Three of our Commissioners have recently presented to the United Nations on the human rights situation in Australia.
Race Discrimination Commissioner Tim Soutphommasane provided a video address to the Human Rights Council on March 19 about the “creeping tide” of racism.
He pointed out that xenophobia and hatred are resurgent.
“We have seen that when prejudice and intolerance are given endorsement in public debates, it can embolden a minority of society to vent their bigotry.
“We must all defend our societies against racism, through legislation and civil society,” said Commissioner Soutphommasane.
Disability Discrimination Commissioner Alastair McEwin spoke about access to justice for people with disability.
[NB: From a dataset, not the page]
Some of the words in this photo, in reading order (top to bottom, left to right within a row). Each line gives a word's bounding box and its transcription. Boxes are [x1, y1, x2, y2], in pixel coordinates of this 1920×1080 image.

“At least half of all people in prisons in Australia have a psychosocial, cognitive or physical impairment, yet necessary support and accommodations are either not provided or not identified in the first place.
“Prison staff can be ill equipped to interact with people with disability. As a result, staff often respond with punitive practices, like solitary confinement, rather than support measures,” said Commissioner McEwin.
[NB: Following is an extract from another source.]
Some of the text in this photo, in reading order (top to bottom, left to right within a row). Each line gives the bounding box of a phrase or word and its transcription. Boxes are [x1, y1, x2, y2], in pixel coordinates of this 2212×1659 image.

Earlier this month, Human Rights Commissioner Edward Santow also addressed the Human Rights Council.
Commissioner Santow spoke about the situation for human rights defenders. He noted some positive developments such as changes to legislation to reduce the scope of secrecy provisions in the Border Force Act.
Commissioner Santow also highlighted some concerns:
“Several laws and policies continue to constrict and even criminalise the actions of human rights defenders.
“The Commission notes with concern the Government’s recent bill, aimed at preventing espionage and foreign interference, which unduly restricts free speech and freedom of the press.”